The article speaks to some of the slimming ingredients - the protein that is included which boost metabolism by 25% post-meal (there's 31g of protein in 1 serving of soup); Onions (loaded with chromium) which helps improve levels of fat storage hormones; Beans = fiber (stabilizes blood sugar which reduces the amoutn of fat-storage hormones our bodies make); cayenne - studies show that they boost metabolism up to 20% for up to 30 minutes; parsley and cilantro - they help relieve bloating by flushing out toxins and they're also loaded with antioxidants; garlic - studies show that a compound in garlic called allicin may prevent pre-fat cells from turning into full blown fat cells and tomatoes - rich in vitamin C and they also help burn fat 25% faster!
I have been having the soup since Wed night - had it for dinner and for lunch yesterday and I have lost 3lbs since Wednesday's weigh in (SP always rounds out the 1.5 to 2lbs). I saw 163 on the scale this morning and thrilled that I may just hit 150Ville before next Wednesday's weigh in. Now the weight may be coming off fast because it's the same 10lbs I gain/lose so often but HEY, I'll take it!! I think that contributing to my movement on the scale is my 2nd job which is adding more activity to my day as well (from the daily 7:30 to 3:30 am desk job to standing ... 3 hours per night Mon/Thu/Fri and 7 hours on Saturday).

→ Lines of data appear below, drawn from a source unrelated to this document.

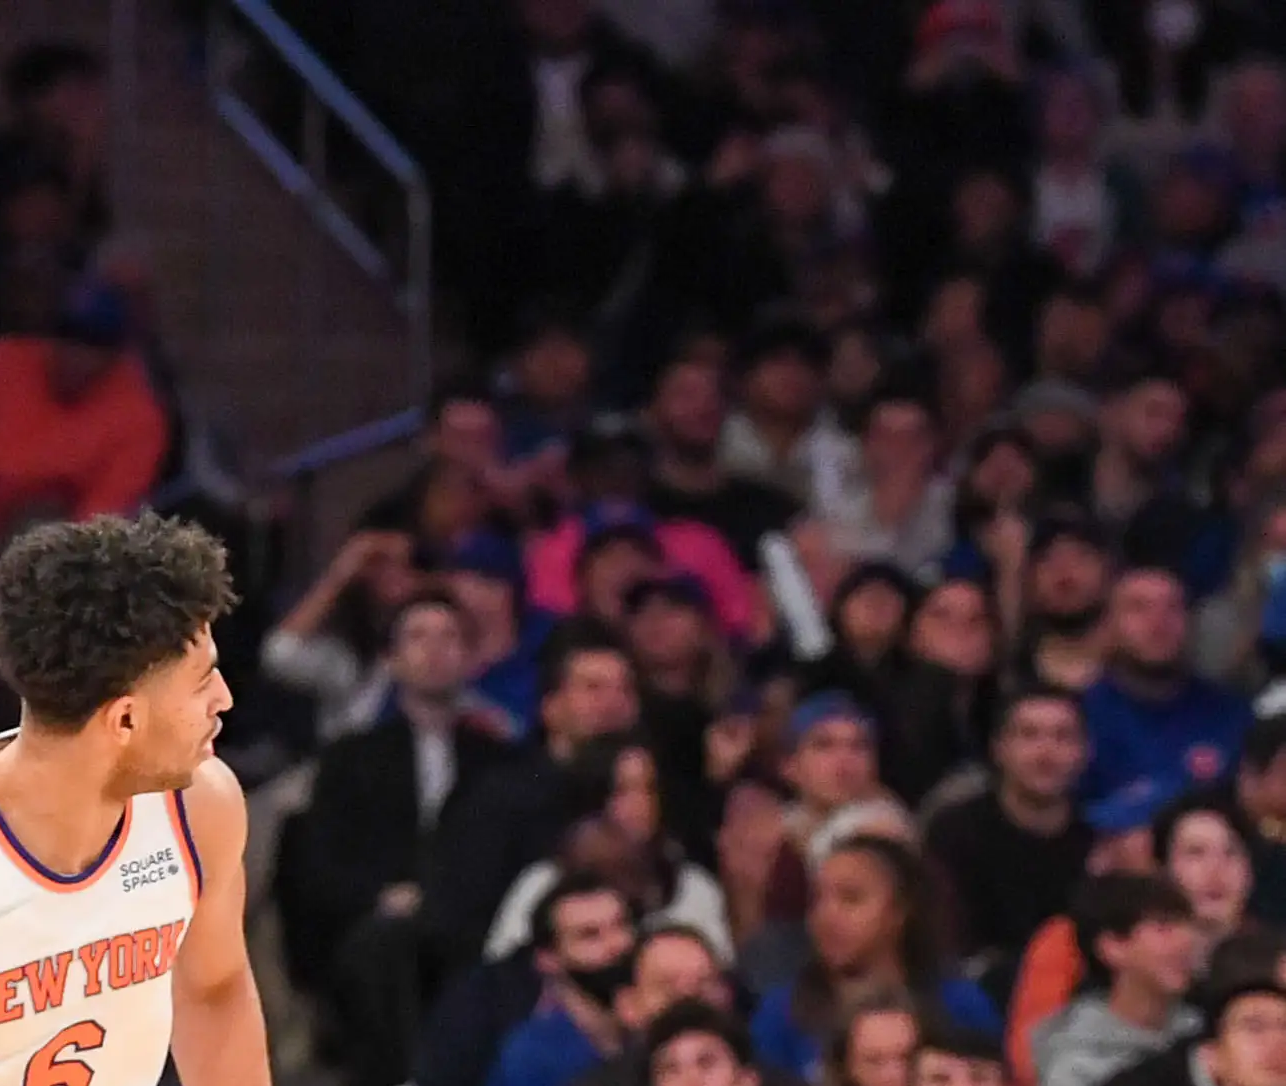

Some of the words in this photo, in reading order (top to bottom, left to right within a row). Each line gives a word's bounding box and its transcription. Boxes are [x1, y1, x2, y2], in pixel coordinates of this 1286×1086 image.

[119, 847, 175, 877] SQUARE
[122, 867, 166, 893] SPACE
[77, 917, 185, 997] YORK
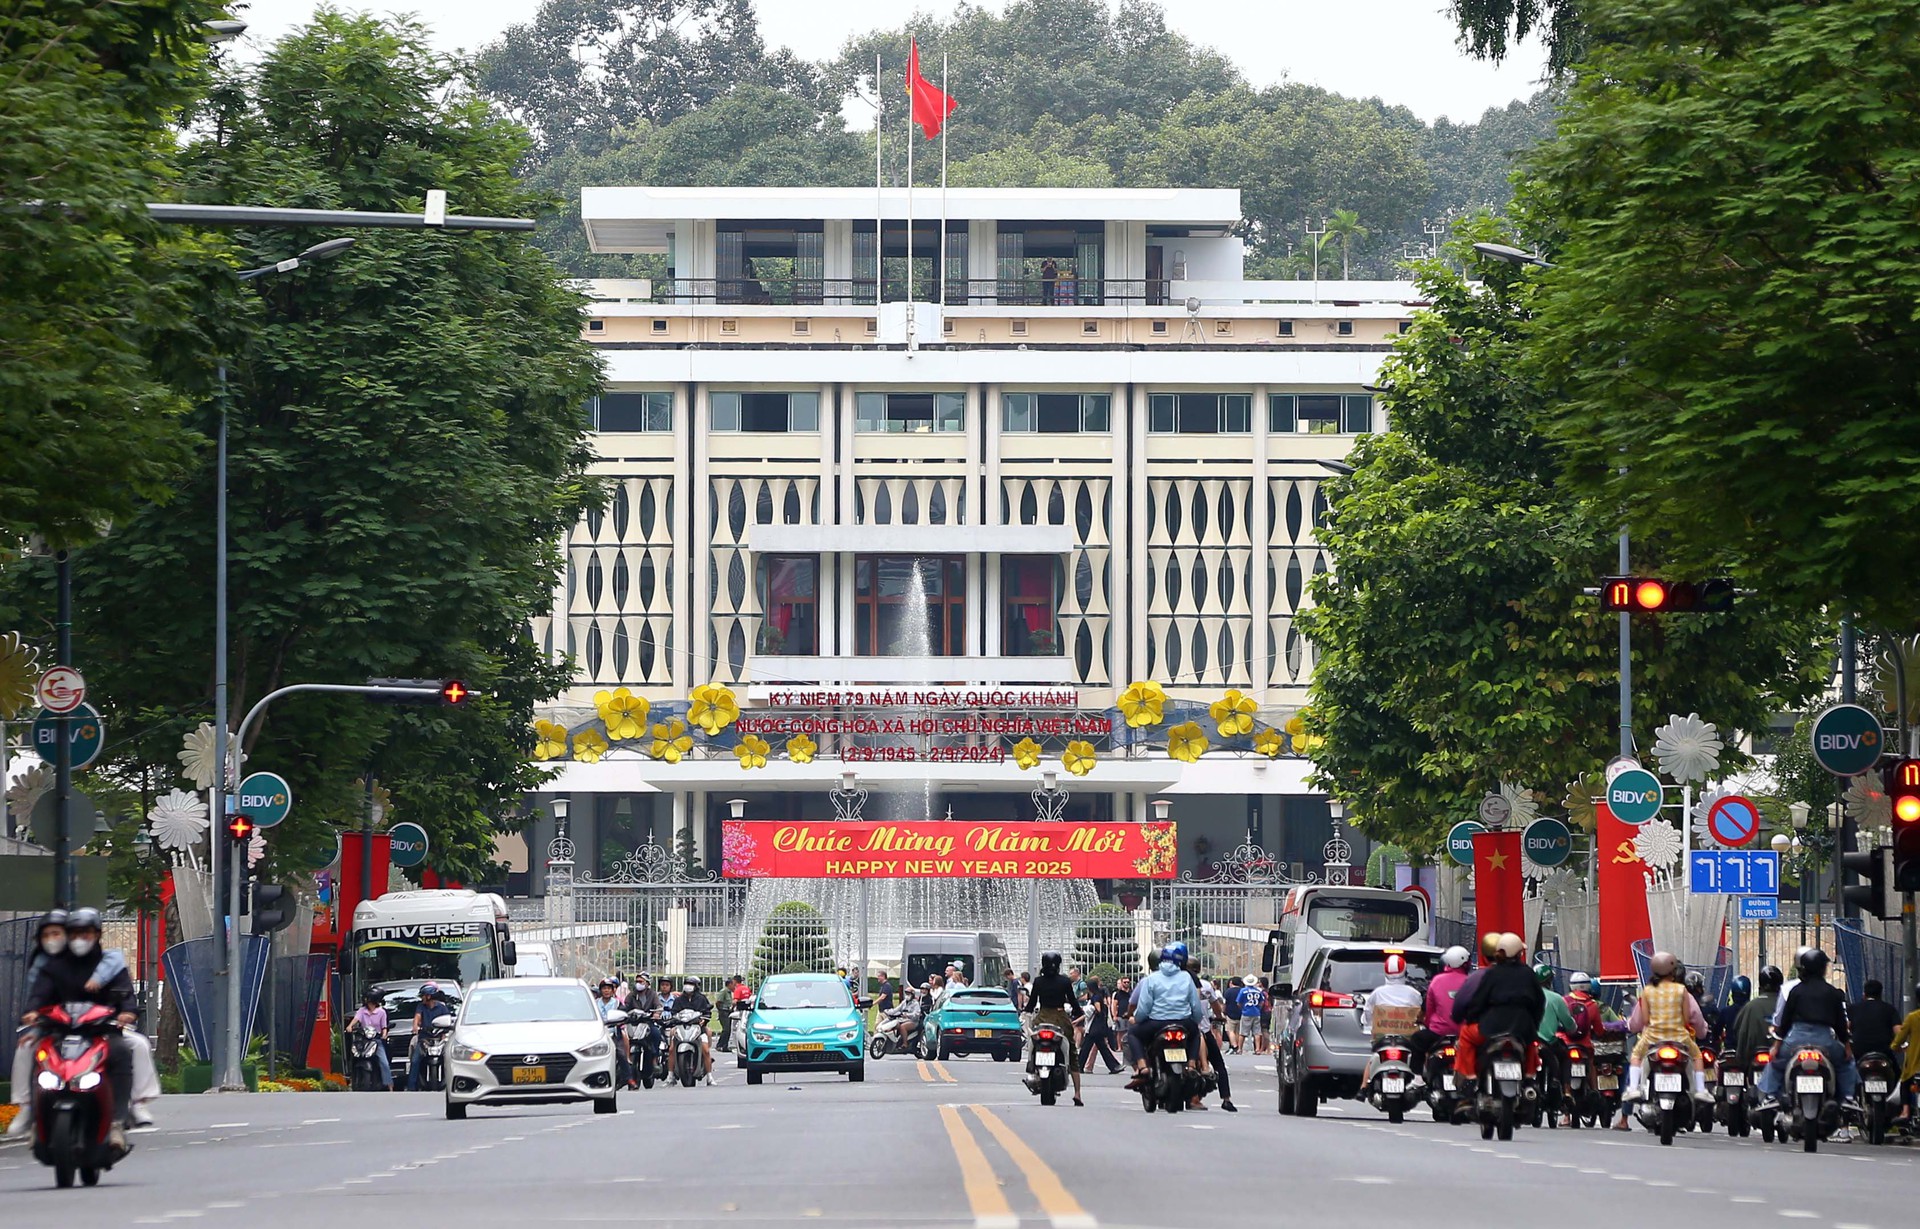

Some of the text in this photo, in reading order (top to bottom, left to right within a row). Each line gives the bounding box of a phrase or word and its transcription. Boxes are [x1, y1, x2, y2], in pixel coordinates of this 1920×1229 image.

[846, 691, 864, 706] 79
[869, 687, 908, 706] NĂM
[914, 687, 961, 706] NGÀY
[1020, 687, 1079, 706] KHÁNH
[843, 715, 879, 734] HÒA
[882, 715, 906, 734] XÃ
[981, 715, 1034, 733] NGHĨA
[1074, 718, 1112, 734] NAM
[39, 728, 81, 744] BIV
[1820, 734, 1862, 750] BIDV
[840, 746, 916, 765] (2/9/1945
[930, 745, 1006, 766] 2/9/2024)
[241, 794, 274, 807] BIDV
[1612, 789, 1646, 804] BIDV
[390, 839, 416, 852] BIDV
[772, 826, 1128, 857] Chúc Mừng Năm Mới
[1527, 838, 1557, 850] BIDV
[826, 860, 1073, 875] HAPPY NEW YEAR 2025
[1745, 909, 1773, 917] PASTEUR
[367, 923, 481, 941] UNIVERSE
[418, 934, 480, 945] New Premium

So here is the recipe my friends... it is yummy. I did it with lean ground beef this time but will try chicken next. It's a very hearty and filling soup!
- 2 tsp. olive oil
- 1 1/4lbs lean ground beef, turkey or shredded chicken (my preference is to use ground chicken)
- 1 onion, chopped
- 2 cloves garlic, chopped
- 1 bell pepper, seeded and chopped (I sometimes use 2 and vary the colors)
- 8oz mushrooms, chopped
- 1 (14oz) can of crushed tomatoes (I use the appetizer tomatoes with green pepper & onions - larger can - I think 19oz)

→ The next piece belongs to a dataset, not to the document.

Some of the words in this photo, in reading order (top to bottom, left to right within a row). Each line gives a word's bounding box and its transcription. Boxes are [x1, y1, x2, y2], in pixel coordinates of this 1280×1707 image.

- 1 (32oz) bottle reduced-sodium tomato or vegetable cocktail juice (I used the Garden Cocktail low sodium veggie juice)
- 1 Tbs fresh lemon juice
- 1 (14oz) can beans, rinsed and drained (Black beans are my favourite - I use a 19oz can)
- 1 Tbs ground cumin
- 1/8 tsp cayenne, or to taste (I like it spicy : )
- 1/4 cup each fresh cilantro and parsley, chopped
In a stock pot, heat olive oil over medium-high setting. Sauté meat/poultr until cooked through, about 5 minutes. Drain and set aside. (I didn't use oil to cook my meat but rather to sauté next mix)
Sauté onion, garlic, peppers and mushrooms until soft, about 5 minutes. (I only tossed around the veggies to coat them with the oil as I like my veggies not so soft - and I cut them in large bites - making it feel that much more satisfying).
Stir in remaining ingredients, except cilantro and parsley. Cover and simmer 20 minutes. Stir in cilantro and parsley. Cover; simmer 10 minutes longer. Store soup in refrigerator up to 5 days. Freezes well. Makes 16 cups. 1 Serving = 3 cups (I have 2 cups and I'm full).
Nutritional info: Servings 5 (I guess this is how many servings the recipe makes). Per serving
Fat: 9 g (2g saturated)
Like I said... it seems to be working for me and I'm not feeling hungry either. The article speaks to long term results ... after a week or so on this plan, begin incorporating more variety. Opting for lots of lean protein and veggies plus a little good fat (such as nuts and olive oil) at most meals is key to ongoing success. You can also add a few daily servings of fiber-rich carbs (such as oatmeal, beans, sweet potato, brown rice). For more menus and recipe ideas, check out any book in Ann Louise Gittleman's Fat Flush Series.